Task directions:
Down to the last line, repeat the data below exactly.

◆ ◆ ◆

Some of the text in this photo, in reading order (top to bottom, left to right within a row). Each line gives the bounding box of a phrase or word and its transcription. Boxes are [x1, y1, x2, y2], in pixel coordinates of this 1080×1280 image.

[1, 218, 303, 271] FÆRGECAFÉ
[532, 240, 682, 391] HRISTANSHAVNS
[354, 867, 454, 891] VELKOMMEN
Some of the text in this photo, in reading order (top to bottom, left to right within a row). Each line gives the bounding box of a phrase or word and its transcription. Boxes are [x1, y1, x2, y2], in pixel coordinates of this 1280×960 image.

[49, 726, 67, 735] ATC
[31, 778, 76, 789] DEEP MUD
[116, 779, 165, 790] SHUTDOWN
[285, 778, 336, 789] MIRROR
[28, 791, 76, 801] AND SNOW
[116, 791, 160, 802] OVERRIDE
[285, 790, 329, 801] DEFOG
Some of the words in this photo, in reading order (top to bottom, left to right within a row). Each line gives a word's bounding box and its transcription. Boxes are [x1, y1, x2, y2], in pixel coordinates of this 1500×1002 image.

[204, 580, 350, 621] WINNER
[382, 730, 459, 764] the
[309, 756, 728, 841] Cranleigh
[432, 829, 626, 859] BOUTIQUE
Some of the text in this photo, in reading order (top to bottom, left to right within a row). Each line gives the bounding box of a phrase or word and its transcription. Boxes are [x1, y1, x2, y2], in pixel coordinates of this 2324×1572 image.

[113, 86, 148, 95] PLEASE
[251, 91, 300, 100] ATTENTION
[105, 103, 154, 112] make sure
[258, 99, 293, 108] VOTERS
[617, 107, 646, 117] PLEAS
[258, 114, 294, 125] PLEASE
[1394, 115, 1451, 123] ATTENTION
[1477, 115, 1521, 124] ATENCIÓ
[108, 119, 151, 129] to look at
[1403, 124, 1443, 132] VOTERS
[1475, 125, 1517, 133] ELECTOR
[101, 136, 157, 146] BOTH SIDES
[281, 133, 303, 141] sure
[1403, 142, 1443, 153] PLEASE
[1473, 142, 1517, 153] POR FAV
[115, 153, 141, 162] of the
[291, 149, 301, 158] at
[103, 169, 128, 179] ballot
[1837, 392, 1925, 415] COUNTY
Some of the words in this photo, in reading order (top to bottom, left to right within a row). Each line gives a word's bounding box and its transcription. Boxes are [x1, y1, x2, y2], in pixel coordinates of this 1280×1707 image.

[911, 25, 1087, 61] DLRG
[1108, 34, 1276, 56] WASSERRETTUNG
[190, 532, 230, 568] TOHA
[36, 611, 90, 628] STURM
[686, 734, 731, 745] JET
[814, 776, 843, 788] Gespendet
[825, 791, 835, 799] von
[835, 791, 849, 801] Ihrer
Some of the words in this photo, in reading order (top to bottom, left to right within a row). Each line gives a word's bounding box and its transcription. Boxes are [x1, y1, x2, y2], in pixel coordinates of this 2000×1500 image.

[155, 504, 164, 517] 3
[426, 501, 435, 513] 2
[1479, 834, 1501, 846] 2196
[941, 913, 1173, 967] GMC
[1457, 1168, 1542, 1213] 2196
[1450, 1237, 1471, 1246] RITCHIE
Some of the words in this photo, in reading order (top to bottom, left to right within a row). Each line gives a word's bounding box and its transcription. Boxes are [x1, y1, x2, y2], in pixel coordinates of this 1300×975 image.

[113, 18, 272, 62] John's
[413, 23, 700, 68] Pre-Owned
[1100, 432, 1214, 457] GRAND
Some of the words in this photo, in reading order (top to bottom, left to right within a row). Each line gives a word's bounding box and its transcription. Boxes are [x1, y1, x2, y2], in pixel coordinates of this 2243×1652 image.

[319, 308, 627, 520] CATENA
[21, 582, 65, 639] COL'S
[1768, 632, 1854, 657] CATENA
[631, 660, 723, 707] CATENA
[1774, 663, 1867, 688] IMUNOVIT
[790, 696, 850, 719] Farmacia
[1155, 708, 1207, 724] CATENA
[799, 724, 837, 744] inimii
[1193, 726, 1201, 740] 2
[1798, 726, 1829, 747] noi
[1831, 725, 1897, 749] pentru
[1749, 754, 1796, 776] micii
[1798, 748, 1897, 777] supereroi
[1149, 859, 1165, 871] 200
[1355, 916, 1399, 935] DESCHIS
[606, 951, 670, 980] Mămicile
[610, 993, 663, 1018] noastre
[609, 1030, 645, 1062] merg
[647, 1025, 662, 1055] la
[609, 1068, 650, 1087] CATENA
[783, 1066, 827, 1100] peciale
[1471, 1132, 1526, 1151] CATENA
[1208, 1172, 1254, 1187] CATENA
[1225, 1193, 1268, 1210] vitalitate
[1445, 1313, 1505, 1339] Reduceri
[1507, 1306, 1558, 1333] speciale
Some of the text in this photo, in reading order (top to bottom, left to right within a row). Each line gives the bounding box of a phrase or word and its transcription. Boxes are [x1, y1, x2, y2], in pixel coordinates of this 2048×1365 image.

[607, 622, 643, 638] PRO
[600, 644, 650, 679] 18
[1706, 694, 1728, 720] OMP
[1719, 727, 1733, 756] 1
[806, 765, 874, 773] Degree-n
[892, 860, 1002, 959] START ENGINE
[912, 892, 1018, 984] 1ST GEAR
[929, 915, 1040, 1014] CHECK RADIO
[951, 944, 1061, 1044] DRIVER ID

◆ ◆ ◆

Response below:
Some of the text in this photo, in reading order (top to bottom, left to right within a row). Each line gives the bounding box of a phrase or word and its transcription. Boxes are [x1, y1, x2, y2], in pixel coordinates of this 1080×1280 image.

[1, 218, 303, 271] FÆRGECAFÉ
[532, 240, 682, 391] HRISTANSHAVNS
[354, 867, 454, 891] VELKOMMEN
Some of the text in this photo, in reading order (top to bottom, left to right within a row). Each line gives the bounding box of a phrase or word and its transcription. Boxes are [x1, y1, x2, y2], in pixel coordinates of this 1280×960 image.

[49, 726, 67, 735] ATC
[31, 778, 76, 789] DEEP MUD
[116, 779, 165, 790] SHUTDOWN
[285, 778, 336, 789] MIRROR
[28, 791, 76, 801] AND SNOW
[116, 791, 160, 802] OVERRIDE
[285, 790, 329, 801] DEFOG
Some of the words in this photo, in reading order (top to bottom, left to right within a row). Each line gives a word's bounding box and its transcription. Boxes are [x1, y1, x2, y2], in pixel coordinates of this 1500×1002 image.

[204, 580, 350, 621] WINNER
[382, 730, 459, 764] the
[309, 756, 728, 841] Cranleigh
[432, 829, 626, 859] BOUTIQUE
Some of the text in this photo, in reading order (top to bottom, left to right within a row). Each line gives the bounding box of a phrase or word and its transcription. Boxes are [x1, y1, x2, y2], in pixel coordinates of this 2324×1572 image.

[113, 86, 148, 95] PLEASE
[251, 91, 300, 100] ATTENTION
[105, 103, 154, 112] make sure
[258, 99, 293, 108] VOTERS
[617, 107, 646, 117] PLEAS
[258, 114, 294, 125] PLEASE
[1394, 115, 1451, 123] ATTENTION
[1477, 115, 1521, 124] ATENCIÓ
[108, 119, 151, 129] to look at
[1403, 124, 1443, 132] VOTERS
[1475, 125, 1517, 133] ELECTOR
[101, 136, 157, 146] BOTH SIDES
[281, 133, 303, 141] sure
[1403, 142, 1443, 153] PLEASE
[1473, 142, 1517, 153] POR FAV
[115, 153, 141, 162] of the
[291, 149, 301, 158] at
[103, 169, 128, 179] ballot
[1837, 392, 1925, 415] COUNTY
Some of the words in this photo, in reading order (top to bottom, left to right within a row). Each line gives a word's bounding box and its transcription. Boxes are [x1, y1, x2, y2], in pixel coordinates of this 1280×1707 image.

[911, 25, 1087, 61] DLRG
[1108, 34, 1276, 56] WASSERRETTUNG
[190, 532, 230, 568] TOHA
[36, 611, 90, 628] STURM
[686, 734, 731, 745] JET
[814, 776, 843, 788] Gespendet
[825, 791, 835, 799] von
[835, 791, 849, 801] Ihrer
Some of the words in this photo, in reading order (top to bottom, left to right within a row). Each line gives a word's bounding box and its transcription. Boxes are [x1, y1, x2, y2], in pixel coordinates of this 2000×1500 image.

[155, 504, 164, 517] 3
[426, 501, 435, 513] 2
[1479, 834, 1501, 846] 2196
[941, 913, 1173, 967] GMC
[1457, 1168, 1542, 1213] 2196
[1450, 1237, 1471, 1246] RITCHIE
Some of the words in this photo, in reading order (top to bottom, left to right within a row). Each line gives a word's bounding box and its transcription. Boxes are [x1, y1, x2, y2], in pixel coordinates of this 1300×975 image.

[113, 18, 272, 62] John's
[413, 23, 700, 68] Pre-Owned
[1100, 432, 1214, 457] GRAND
Some of the words in this photo, in reading order (top to bottom, left to right within a row). Each line gives a word's bounding box and its transcription. Boxes are [x1, y1, x2, y2], in pixel coordinates of this 2243×1652 image.

[319, 308, 627, 520] CATENA
[21, 582, 65, 639] COL'S
[1768, 632, 1854, 657] CATENA
[631, 660, 723, 707] CATENA
[1774, 663, 1867, 688] IMUNOVIT
[790, 696, 850, 719] Farmacia
[1155, 708, 1207, 724] CATENA
[799, 724, 837, 744] inimii
[1193, 726, 1201, 740] 2
[1798, 726, 1829, 747] noi
[1831, 725, 1897, 749] pentru
[1749, 754, 1796, 776] micii
[1798, 748, 1897, 777] supereroi
[1149, 859, 1165, 871] 200
[1355, 916, 1399, 935] DESCHIS
[606, 951, 670, 980] Mămicile
[610, 993, 663, 1018] noastre
[609, 1030, 645, 1062] merg
[647, 1025, 662, 1055] la
[609, 1068, 650, 1087] CATENA
[783, 1066, 827, 1100] peciale
[1471, 1132, 1526, 1151] CATENA
[1208, 1172, 1254, 1187] CATENA
[1225, 1193, 1268, 1210] vitalitate
[1445, 1313, 1505, 1339] Reduceri
[1507, 1306, 1558, 1333] speciale
Some of the text in this photo, in reading order (top to bottom, left to right within a row). Each line gives the bounding box of a phrase or word and its transcription. Boxes are [x1, y1, x2, y2], in pixel coordinates of this 2048×1365 image.

[607, 622, 643, 638] PRO
[600, 644, 650, 679] 18
[1706, 694, 1728, 720] OMP
[1719, 727, 1733, 756] 1
[806, 765, 874, 773] Degree-n
[892, 860, 1002, 959] START ENGINE
[912, 892, 1018, 984] 1ST GEAR
[929, 915, 1040, 1014] CHECK RADIO
[951, 944, 1061, 1044] DRIVER ID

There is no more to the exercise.